(Beginning of EXTRACTED INFORMATION)

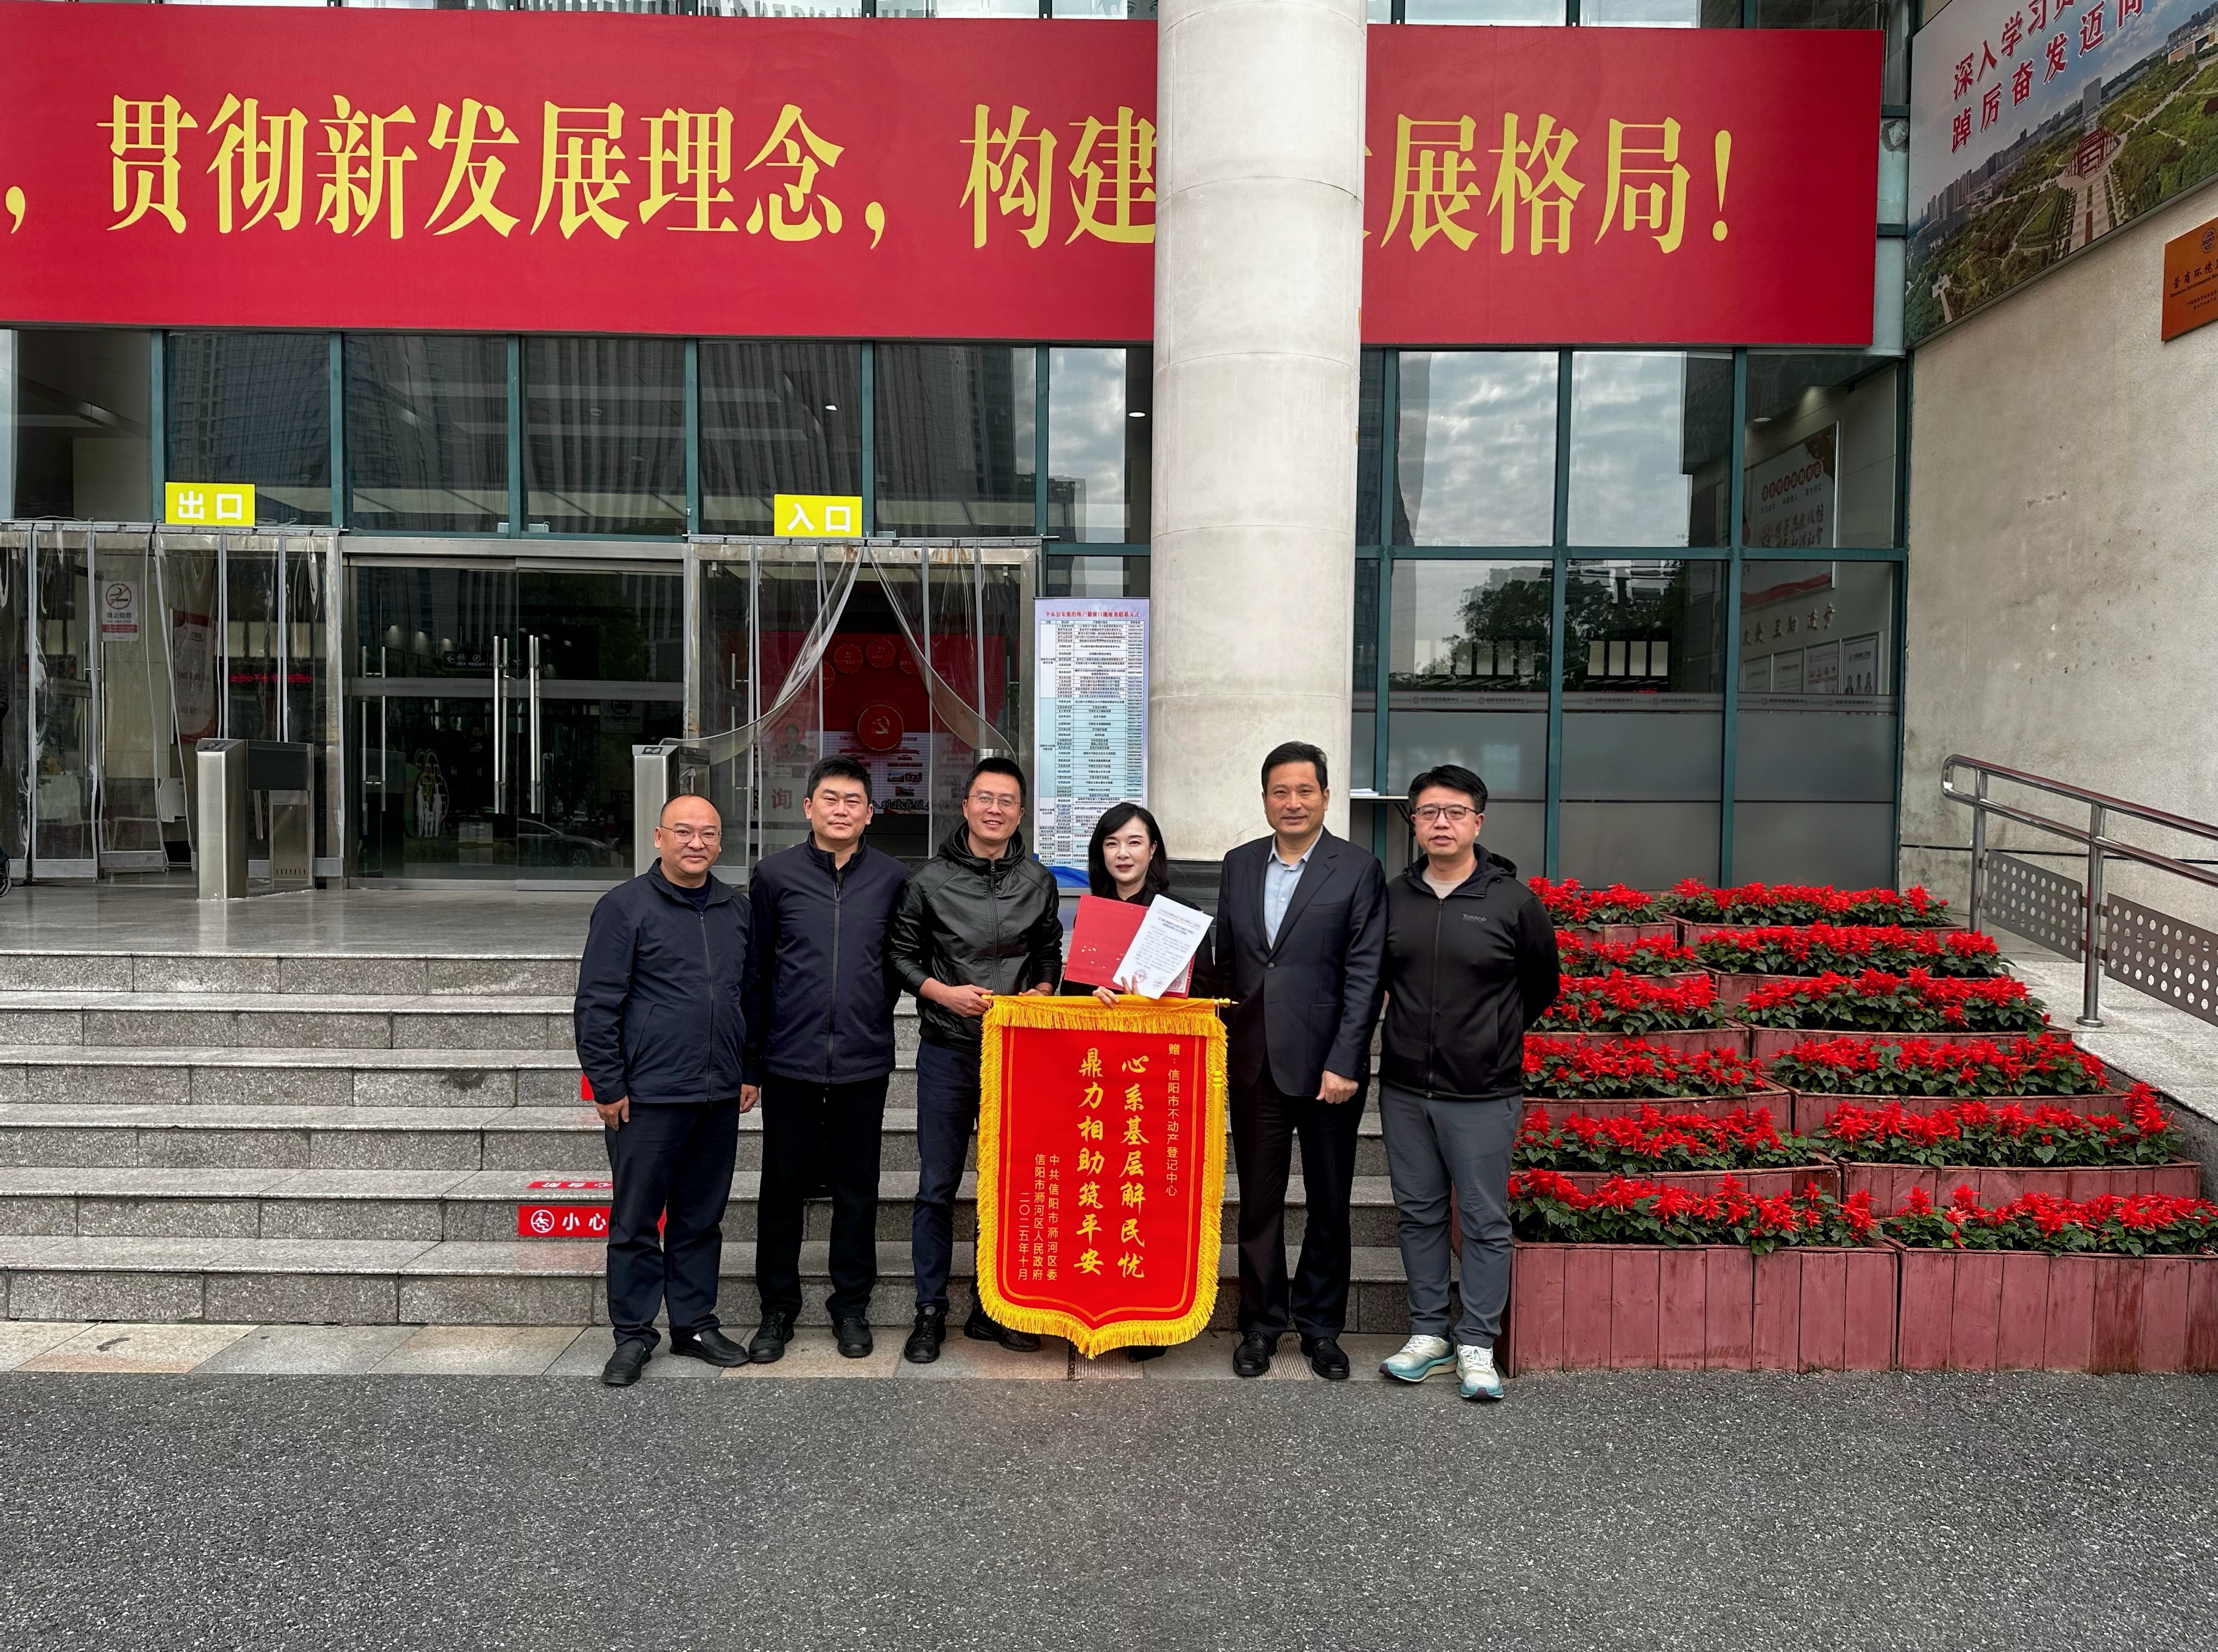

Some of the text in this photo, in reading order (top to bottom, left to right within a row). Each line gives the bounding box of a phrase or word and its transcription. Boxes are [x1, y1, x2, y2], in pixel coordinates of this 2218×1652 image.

[2173, 259, 2218, 289] 营商环境
[178, 490, 243, 520] 出口
[787, 503, 852, 532] 入口
[872, 798, 929, 811] 到政务服
[1165, 1043, 1180, 1196] 赠：信阳市不动产登记中心
[1073, 1048, 1105, 1276] 鼎力相助筑平安
[1117, 1055, 1150, 1279] 心系基层解民忧
[562, 1212, 607, 1230] 小心
[1032, 1153, 1047, 1281] 信阳市浉河区人民政府
[1047, 1153, 1060, 1281] 中共信阳市浉河区委
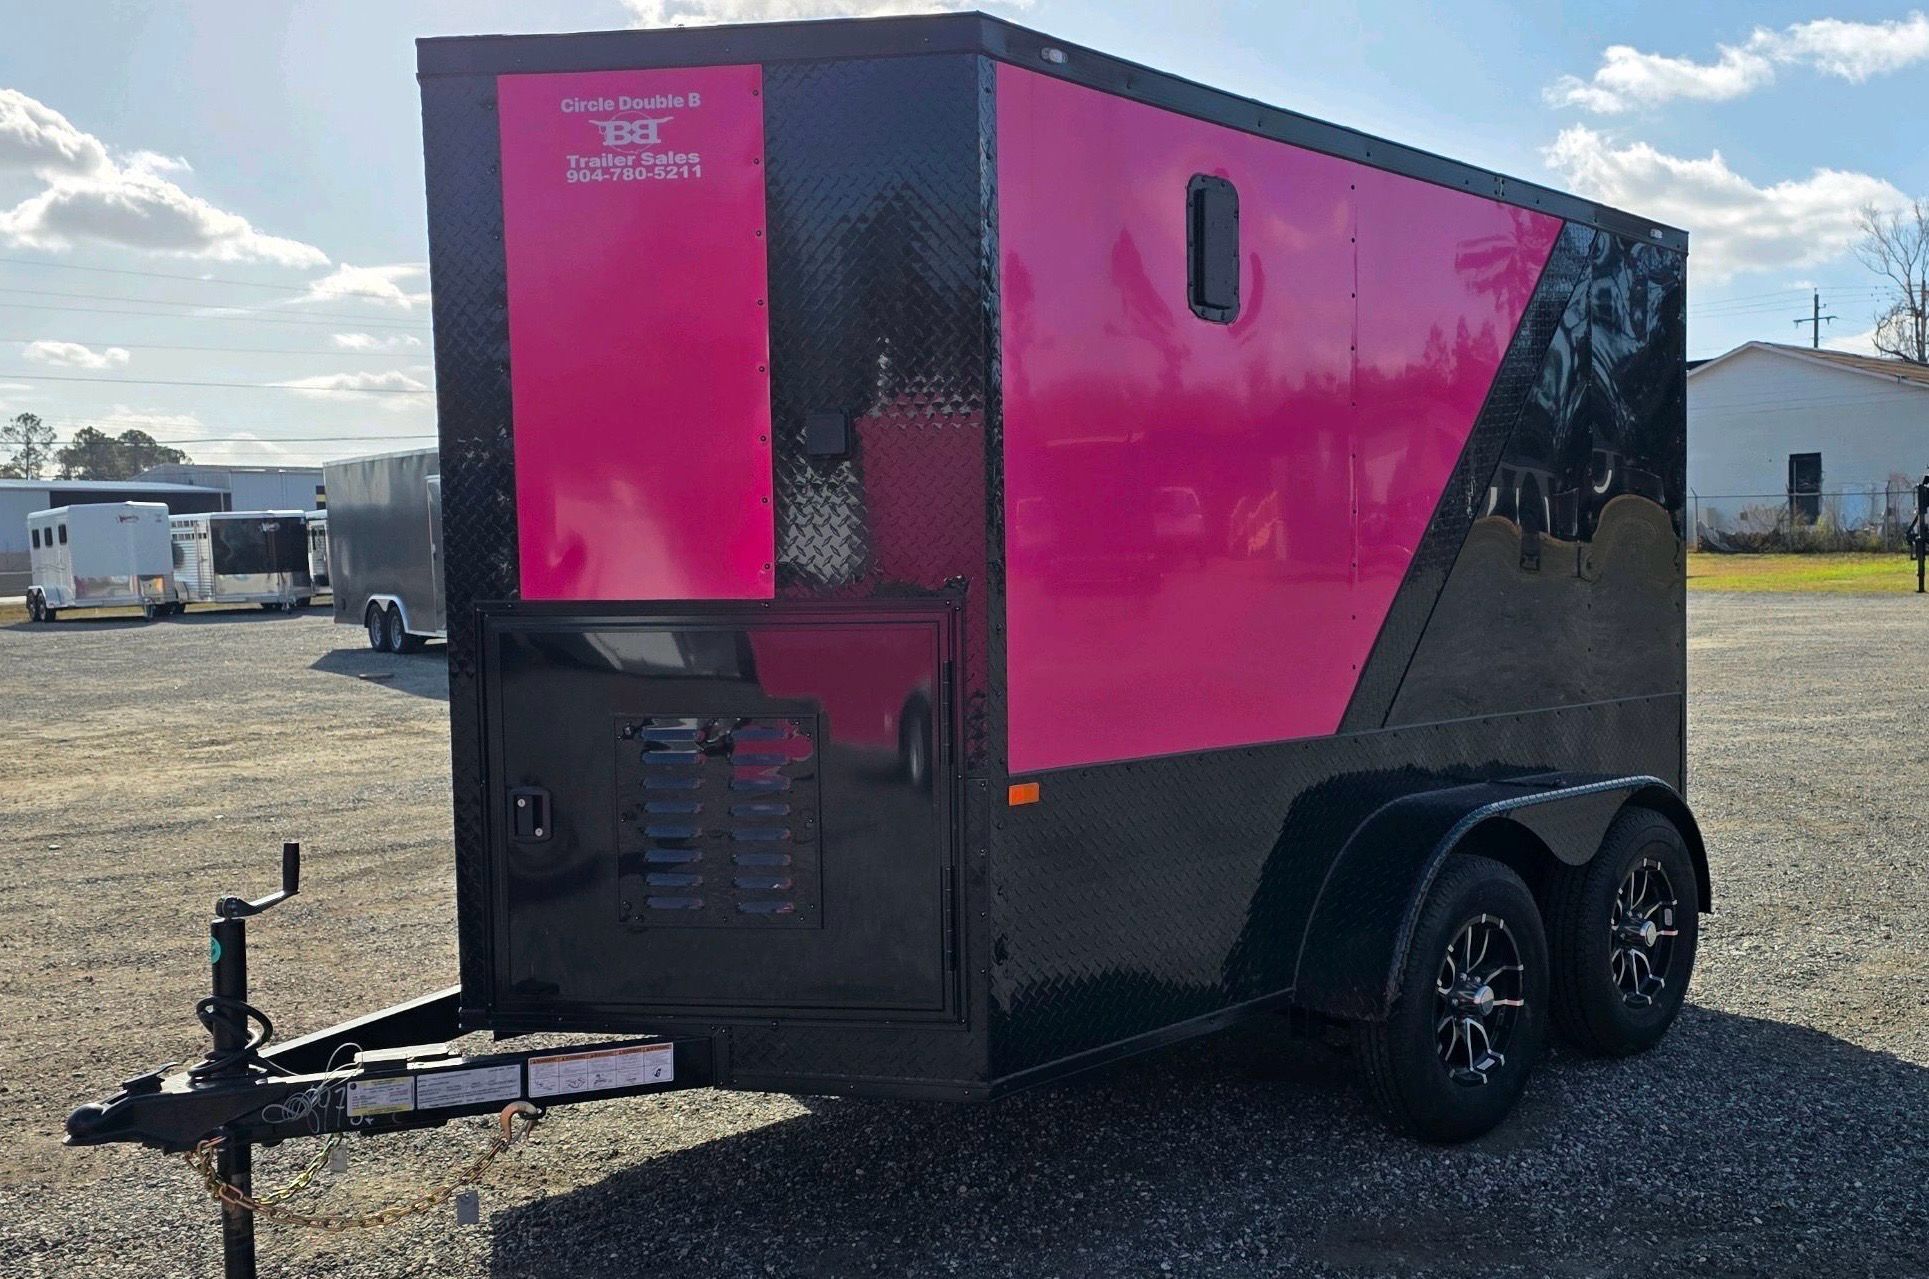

(End of EXTRACTED INFORMATION)

Repeat the entries exactly. Any picture is to be left out.

• [RESULT OF THE EXERCISE]:
Some of the text in this photo, in reading order (top to bottom, left to right within a row). Each line gives the bounding box of a phrase or word and its transcription. Boxes are [x1, y1, x2, y2], in pixel coordinates of this 2218×1652 image.

[2173, 259, 2218, 289] 营商环境
[178, 490, 243, 520] 出口
[787, 503, 852, 532] 入口
[872, 798, 929, 811] 到政务服
[1165, 1043, 1180, 1196] 赠：信阳市不动产登记中心
[1073, 1048, 1105, 1276] 鼎力相助筑平安
[1117, 1055, 1150, 1279] 心系基层解民忧
[562, 1212, 607, 1230] 小心
[1032, 1153, 1047, 1281] 信阳市浉河区人民政府
[1047, 1153, 1060, 1281] 中共信阳市浉河区委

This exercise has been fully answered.